THE SECTION CAPTIONED "SECURITIES TRANSACTIONS" ON PAGE 24 OF THE STATEMENT OF
ADDITIONAL INFORMATION ("SAI") IS REPLACED IN ITS ENTIRETY AS FOLLOWS:

SECURITIES TRANSACTIONS

    The Adviser/Sub-advisers (the "Advisers") are responsible for decisions to
buy and sell securities for these Funds, broker-dealer selection, and
negotiation of brokerage commission rates. The primary consideration in
effecting a securities transaction will be execution at the most favorable
price. A substantial majority of a Fund's portfolio transactions in fixed income
securities will be transacted with primary market makers acting as principal on
a net basis, with no brokerage commissions being paid by a Fund. In certain
instances, purchases of underwritten issues may be at prices which include
underwriting fees.

    In selecting a broker-dealer to execute a particular transaction, the
Advisers will take the following into consideration: the best net price
available; the reliability, integrity and financial condition of the
broker-dealer; the size of the order and the difficulty of execution; and the
size of contribution of the broker-dealer to the investment performance of a
Fund on a continuing basis. Broker-dealers may be selected who provide brokerage
and/or research services to these Funds and/or other accounts over which the
Advisers exercise investment discretion. Such services may include furnishing
advice concerning the value of securities (including providing quotations as to
securities); the advisability of investing in, purchasing or selling securities,
and the availability of securities or the purchasers or sellers of securities;
furnishing analysis and reports concerning issuers, industries, securities,
economic factors and trends, portfolio strategy and performance of accounts; and
effecting securities transactions and performing functions incidental thereto,
such as clearance, settlement and custody, or required in connection therewith.

    Subject to the Conduct Rules of the NASD and to obtaining best prices and
executions, the Advisers may select brokers who provide research or other
services or who sell shares of the Funds to effect portfolio transactions. The
Advisers may also select an affiliated broker to execute transactions for the
Funds, provided that the commissions, fees or other remuneration paid to such
affiliated broker are reasonable and fair as compared to that paid to
non-affiliated brokers for comparable transactions.

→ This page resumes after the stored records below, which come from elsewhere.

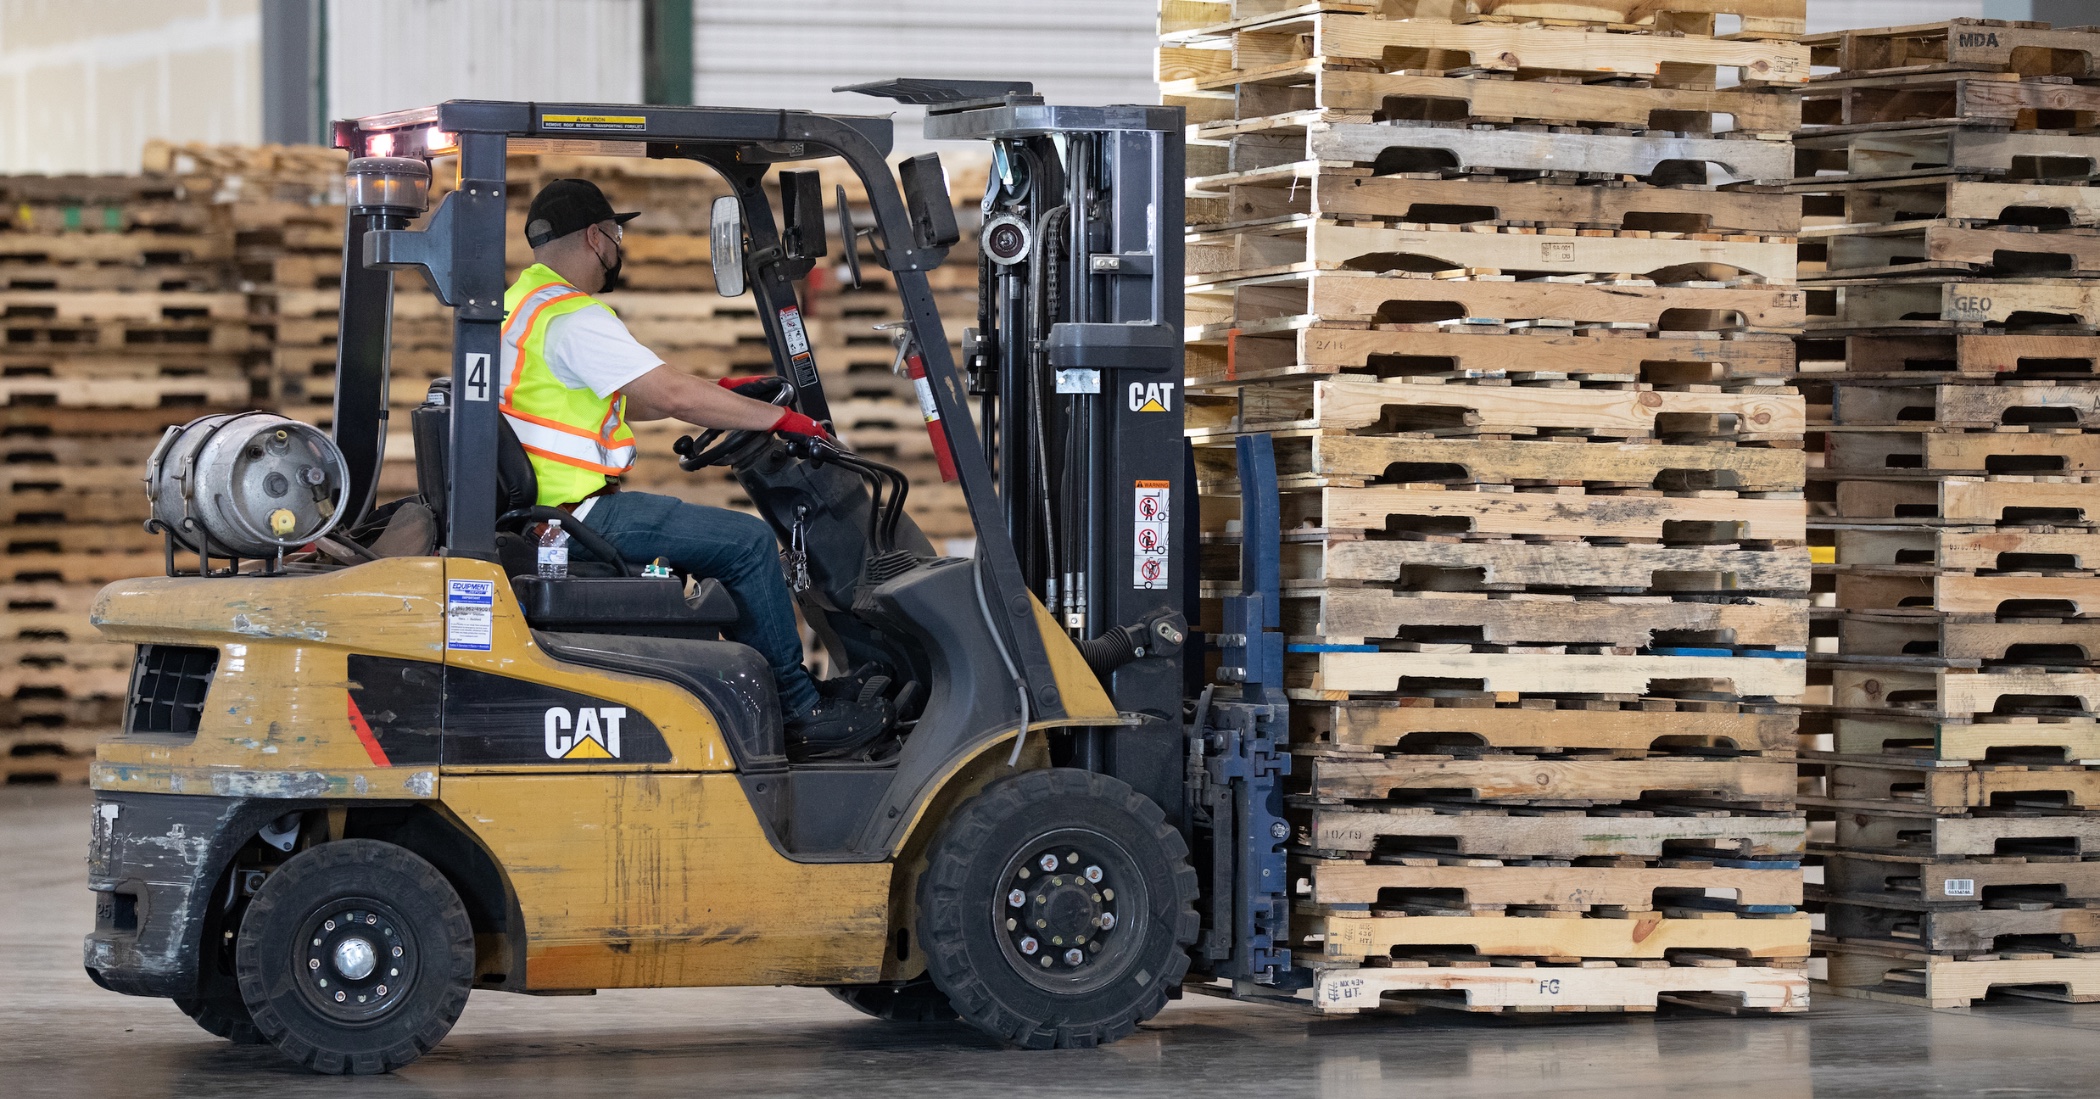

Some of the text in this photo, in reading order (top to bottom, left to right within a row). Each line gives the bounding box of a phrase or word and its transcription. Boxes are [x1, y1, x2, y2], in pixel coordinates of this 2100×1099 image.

[1959, 32, 1999, 47] MDA
[1955, 296, 1992, 312] GEO
[468, 356, 487, 398] 4
[1128, 382, 1175, 412] CAT
[452, 583, 489, 591] EQUIPMENT
[544, 706, 627, 759] CAT
[97, 903, 112, 918] 25
[1540, 979, 1560, 994] FG
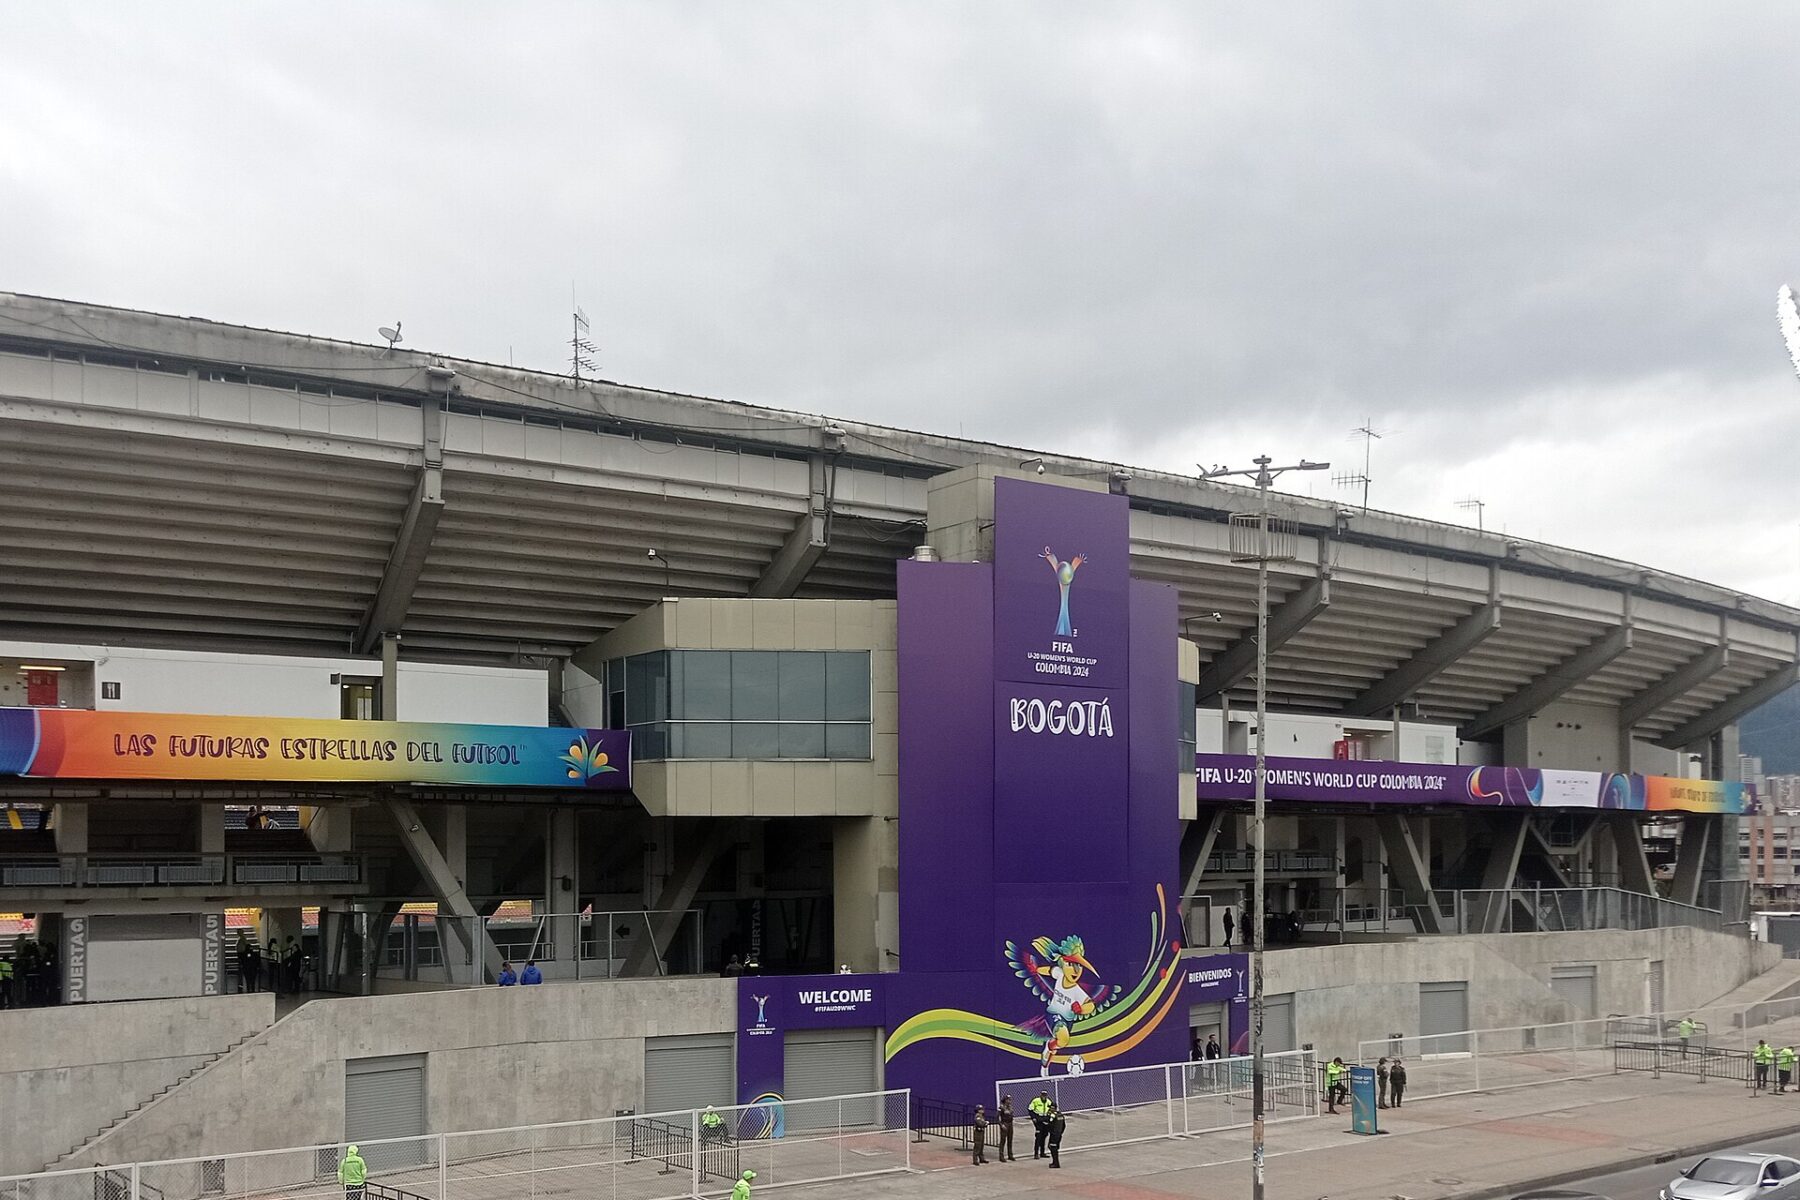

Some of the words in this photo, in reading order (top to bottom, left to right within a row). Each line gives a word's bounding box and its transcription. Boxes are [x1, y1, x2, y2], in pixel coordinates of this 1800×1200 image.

[1052, 641, 1073, 654] FIFA
[1027, 652, 1040, 660] U-20
[1040, 653, 1066, 663] WOMEN'S
[1066, 655, 1086, 665] WORLD
[1035, 662, 1071, 676] COLOMBIA
[1073, 666, 1089, 677] 2024
[1010, 697, 1114, 737] BOGOTÁ
[114, 733, 157, 757] LAS
[168, 735, 270, 760] FUTURAS
[281, 738, 397, 762] ESTRELLAS
[406, 741, 443, 763] DEL
[1195, 767, 1222, 783] FIFA
[1224, 768, 1252, 784] U-20
[1313, 772, 1354, 788] WORLD
[1356, 773, 1377, 788] CUP
[1380, 774, 1422, 790] COLOMBIA
[1188, 968, 1232, 983] BIENVENIDOS
[799, 989, 872, 1004] WELCOME
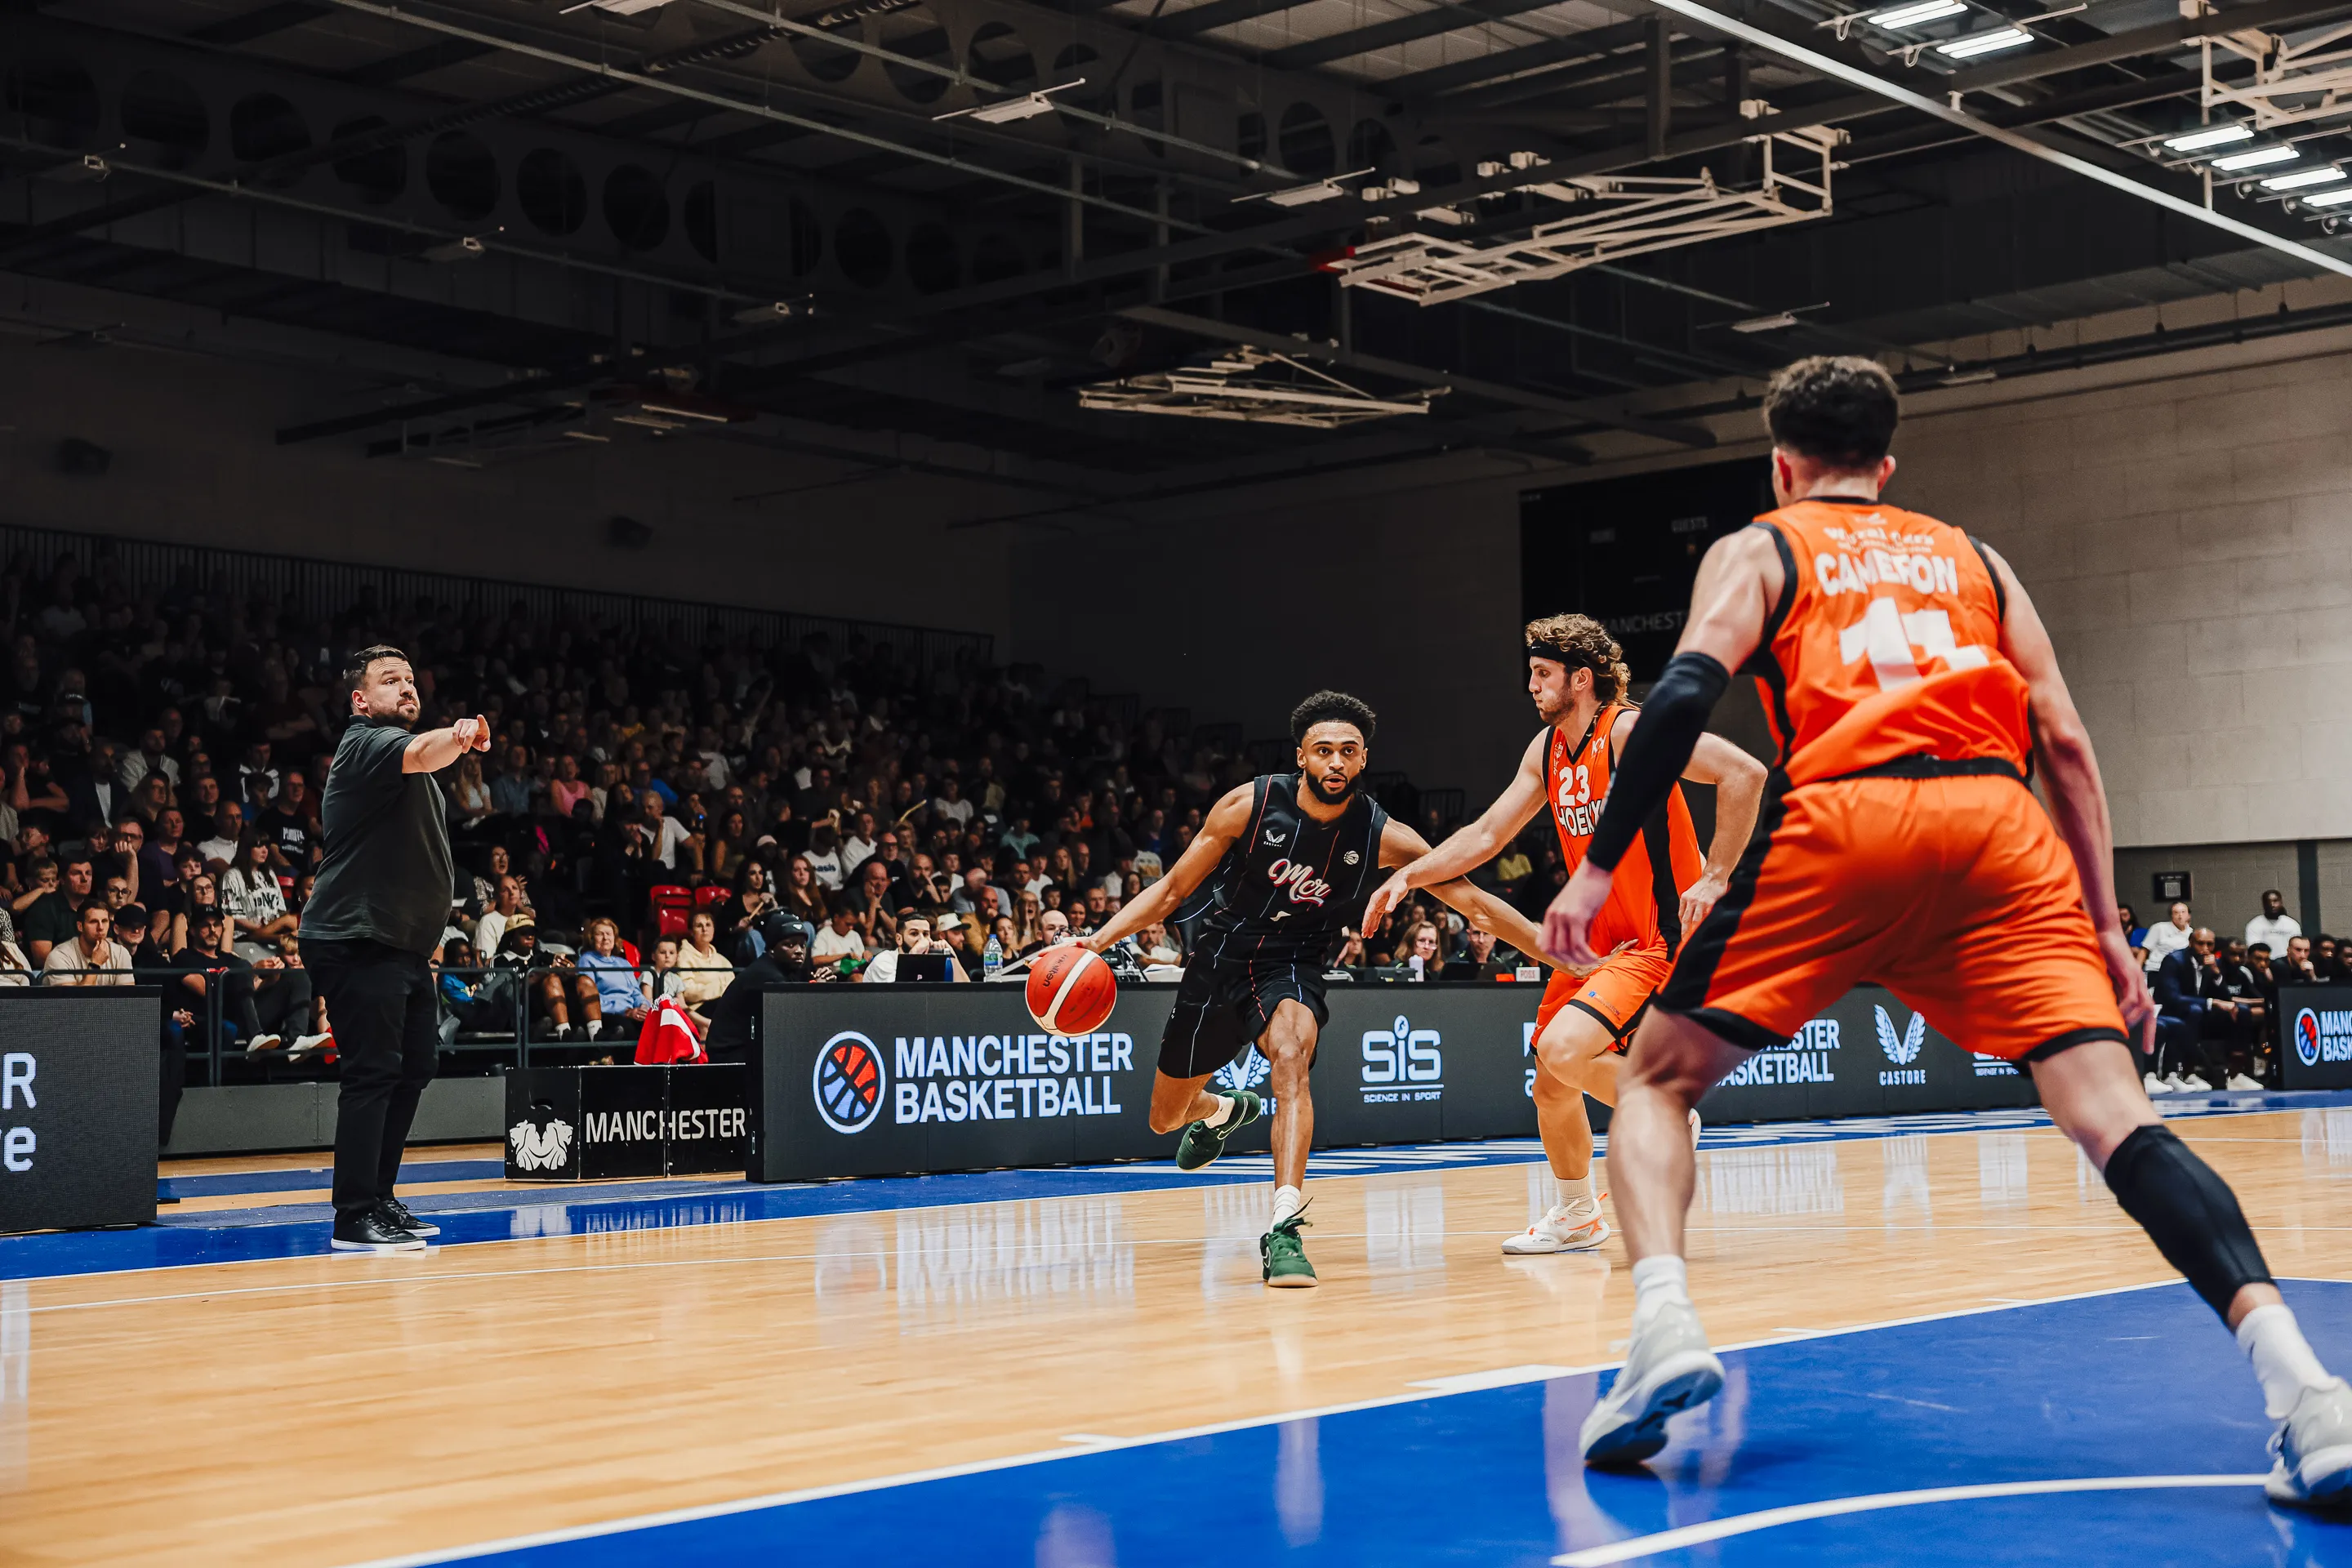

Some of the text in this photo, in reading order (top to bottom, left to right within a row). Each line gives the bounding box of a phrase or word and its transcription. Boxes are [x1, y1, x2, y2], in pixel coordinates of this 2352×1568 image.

[1606, 611, 1689, 634] ANCHEST
[1558, 764, 1592, 807] 23
[1267, 858, 1333, 907] Mcr
[895, 1032, 1134, 1079] MANCHESTER
[1716, 1052, 1835, 1087] ASKETBALL
[1363, 1091, 1441, 1103] SCIENCE IN SPORT
[1879, 1069, 1926, 1086] CASTORE
[895, 1076, 1122, 1125] BASKETBALL
[586, 1107, 746, 1143] MANCHESTER
[0, 1126, 37, 1172] e

                                       1
<PAGE>

    The Advisers shall not be deemed to have acted unlawfully, or to have
breached any duty created by a Fund's Investment Advisory Agreement or
otherwise, solely by reason of its having caused the Fund to pay a broker-dealer
that provides brokerage and research services an amount of commission for
effecting a portfolio investment transaction in excess of the amount of
commission another broker-dealer would have charged for effecting that
transaction, if the Advisers determine in good faith that such amount of
commission is reasonable in relation to the value of the brokerage and research
services provided by such broker-dealer, viewed in terms of either that
particular transaction or the Advisers' overall responsibilities with respect to
the Fund. The Advisers allocate orders placed by them on behalf of these Funds
in such amounts and proportions as the Advisers shall determine and the Advisers
will report on said allocations regularly to a Fund indicating the
broker-dealers to whom such allocations have been made and the basis therefor.


     The receipt of research from broker-dealers may be useful to the Advisers
in rendering investment management services to these Funds and/or the Advisers'
other clients; conversely, information provided by broker-dealers who have
executed transaction orders on behalf of other clients may be useful to the
Advisers in carrying out its obligations to these Funds. The receipt of such
research will not be substituted for the independent research of the Adviser. It
does enable the Advisers to reduce costs to less than those which would have
been required to develop comparable information through its own staff. The use
of broker-dealers who supply research may result in the payment of higher
commissions than those available from other broker-dealers who provide only the
execution of portfolio transactions.

    Orders on behalf of these Funds may be bunched with orders on behalf of
other clients of the Adviser. It is the Adviser's policy that, to the extent
practicable, all clients with similar investment objectives and guidelines be
treated fairly and equitably in the allocation of securities trades.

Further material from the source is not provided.